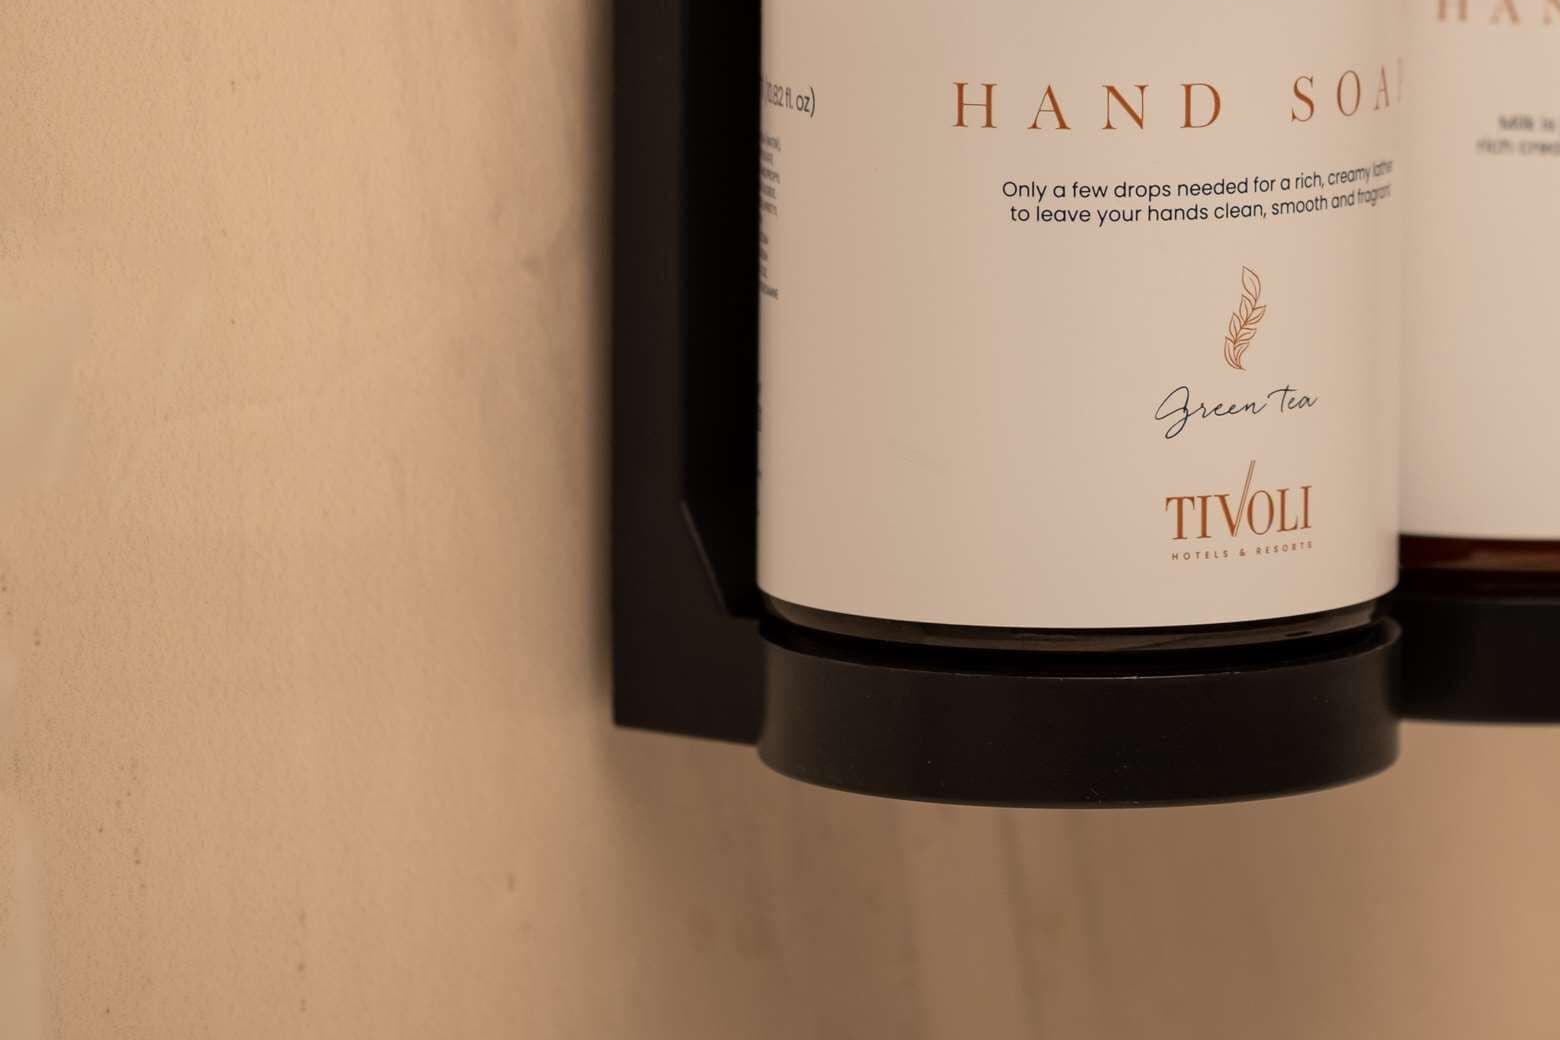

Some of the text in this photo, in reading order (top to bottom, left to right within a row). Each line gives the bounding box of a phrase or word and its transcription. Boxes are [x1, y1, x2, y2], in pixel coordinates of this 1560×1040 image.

[796, 86, 816, 119] oz)
[952, 82, 1221, 130] HAND
[1002, 181, 1047, 203] Only
[1053, 184, 1066, 198] a
[1072, 181, 1109, 198] few
[1114, 181, 1171, 202] drops
[1177, 177, 1249, 197] needed
[1254, 176, 1276, 193] for
[1280, 176, 1291, 191] a
[1295, 171, 1325, 189] rich,
[1328, 166, 1370, 186] creamy
[1010, 206, 1030, 222] to
[1036, 205, 1091, 222] leave
[1096, 208, 1142, 228] your
[1148, 204, 1209, 222] hands
[1214, 203, 1267, 219] clean,
[1271, 194, 1328, 216] smooth
[1331, 190, 1355, 209] and
[1155, 384, 1318, 440] Green Tea
[1165, 459, 1313, 541] TIVOLI
[1171, 540, 1313, 561] HOTELS & RESORTS
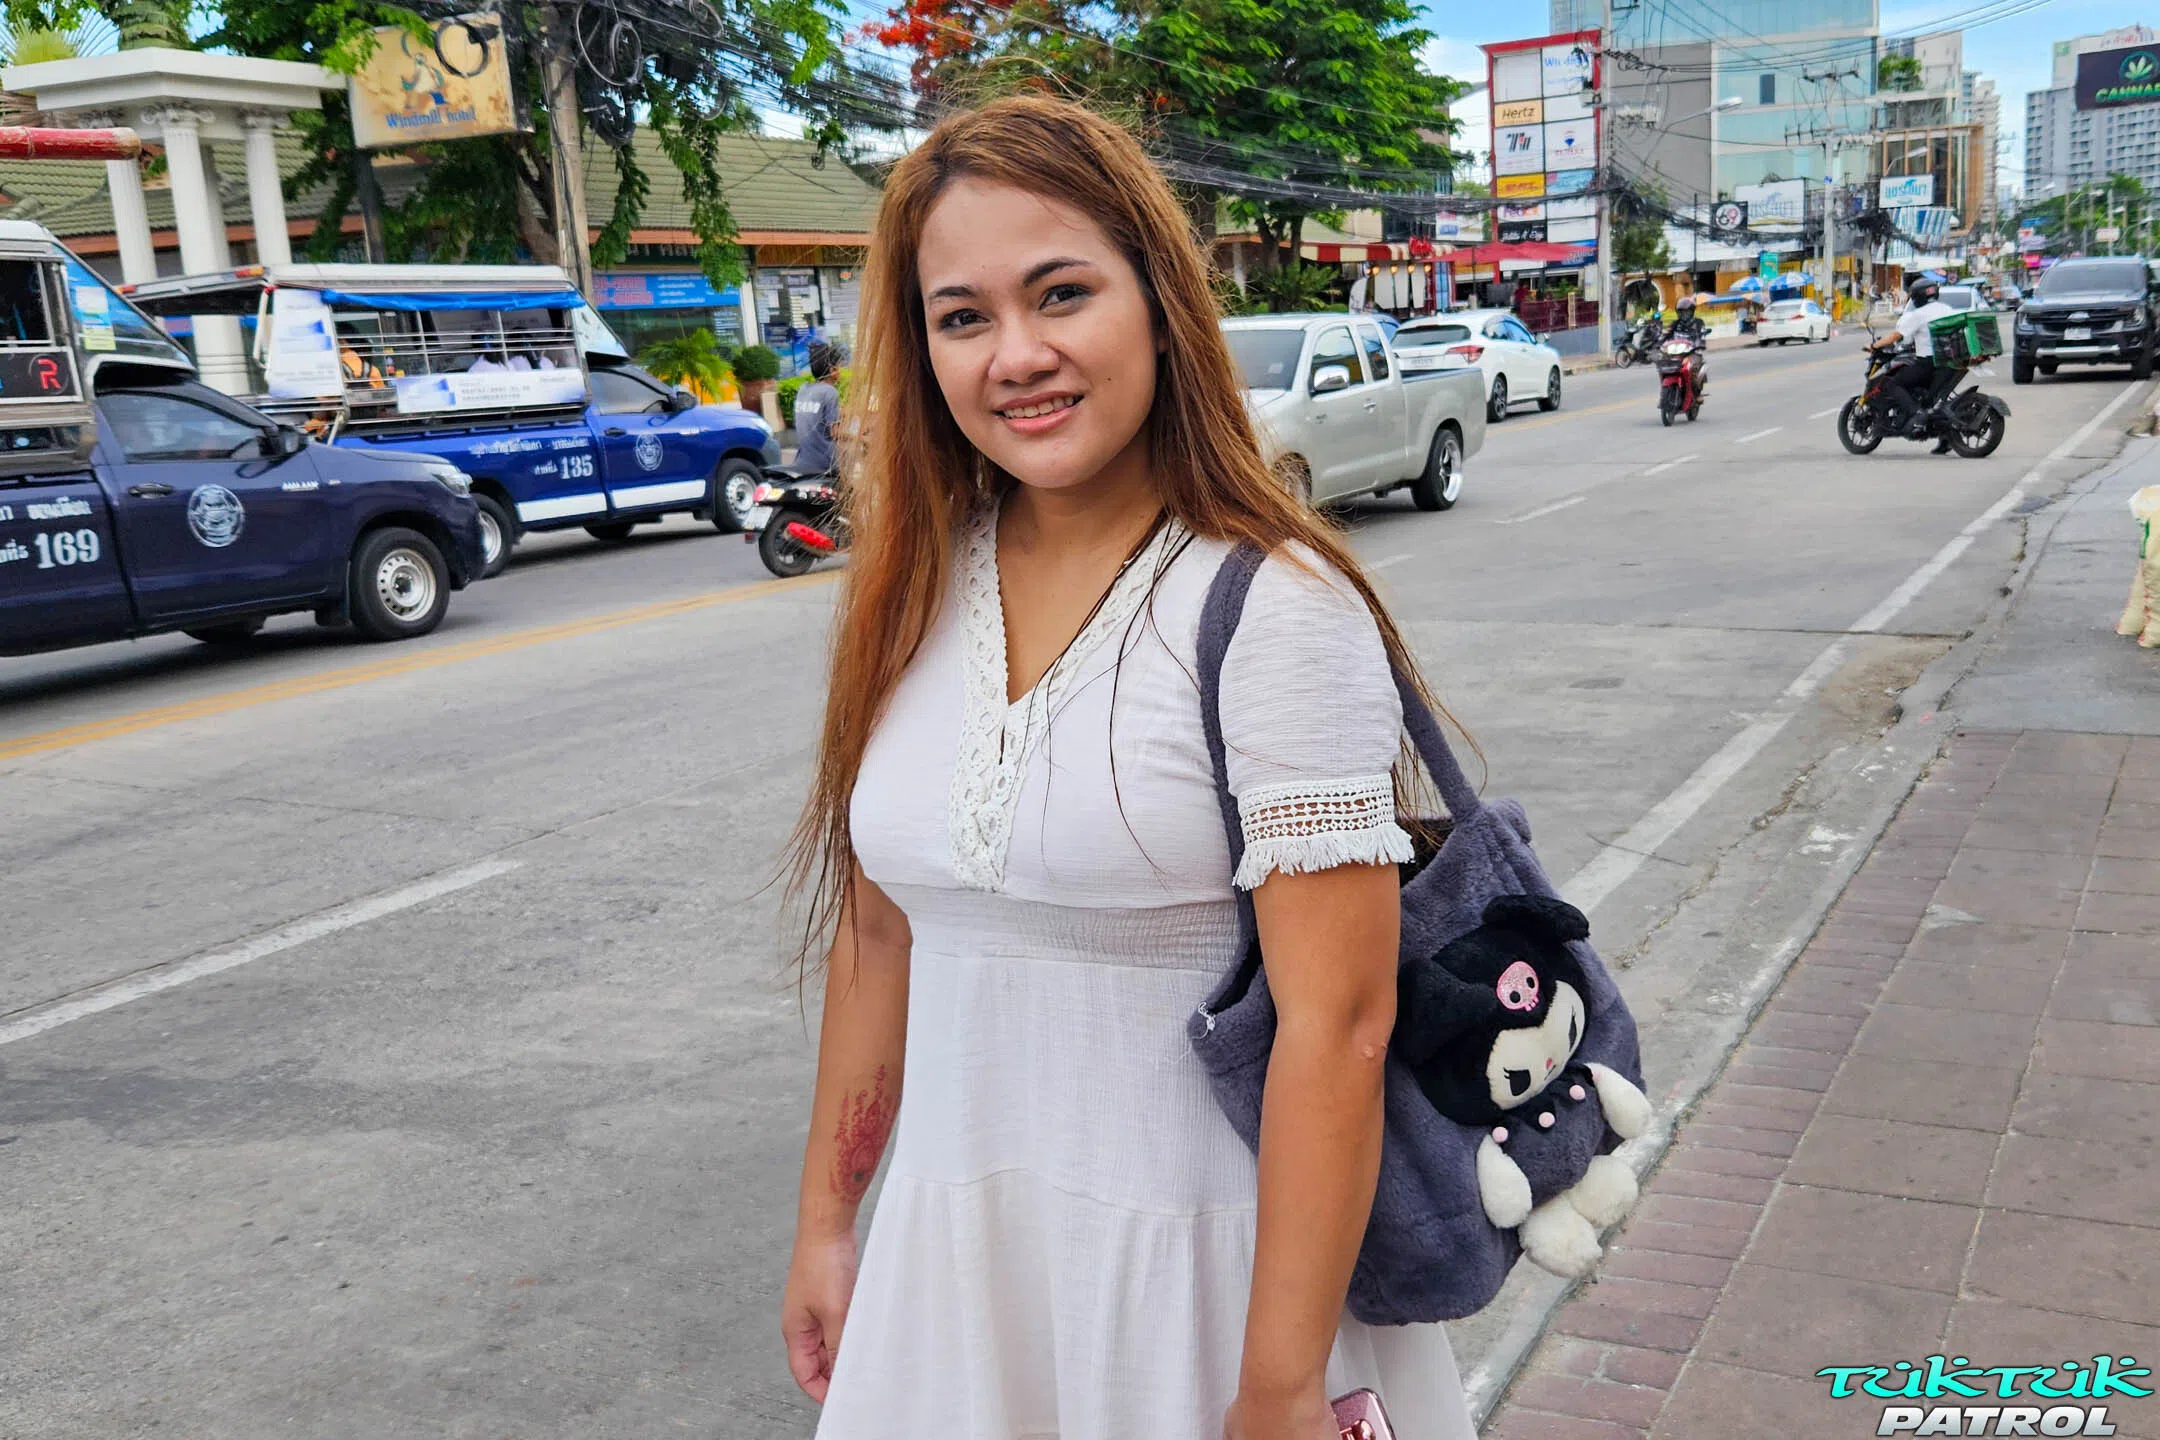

-------

Work request → All of the data is to be returned exactly, with no pictures included.

Written reply →
Some of the text in this photo, in reading order (top to bottom, left to right within a row). Each line gives the bounding box of a phrase or word and its transcription. Boxes are [x1, y1, x2, y2], in pixel coordinates of this 1560×1040 image.

[796, 86, 816, 119] oz)
[952, 82, 1221, 130] HAND
[1002, 181, 1047, 203] Only
[1053, 184, 1066, 198] a
[1072, 181, 1109, 198] few
[1114, 181, 1171, 202] drops
[1177, 177, 1249, 197] needed
[1254, 176, 1276, 193] for
[1280, 176, 1291, 191] a
[1295, 171, 1325, 189] rich,
[1328, 166, 1370, 186] creamy
[1010, 206, 1030, 222] to
[1036, 205, 1091, 222] leave
[1096, 208, 1142, 228] your
[1148, 204, 1209, 222] hands
[1214, 203, 1267, 219] clean,
[1271, 194, 1328, 216] smooth
[1331, 190, 1355, 209] and
[1155, 384, 1318, 440] Green Tea
[1165, 459, 1313, 541] TIVOLI
[1171, 540, 1313, 561] HOTELS & RESORTS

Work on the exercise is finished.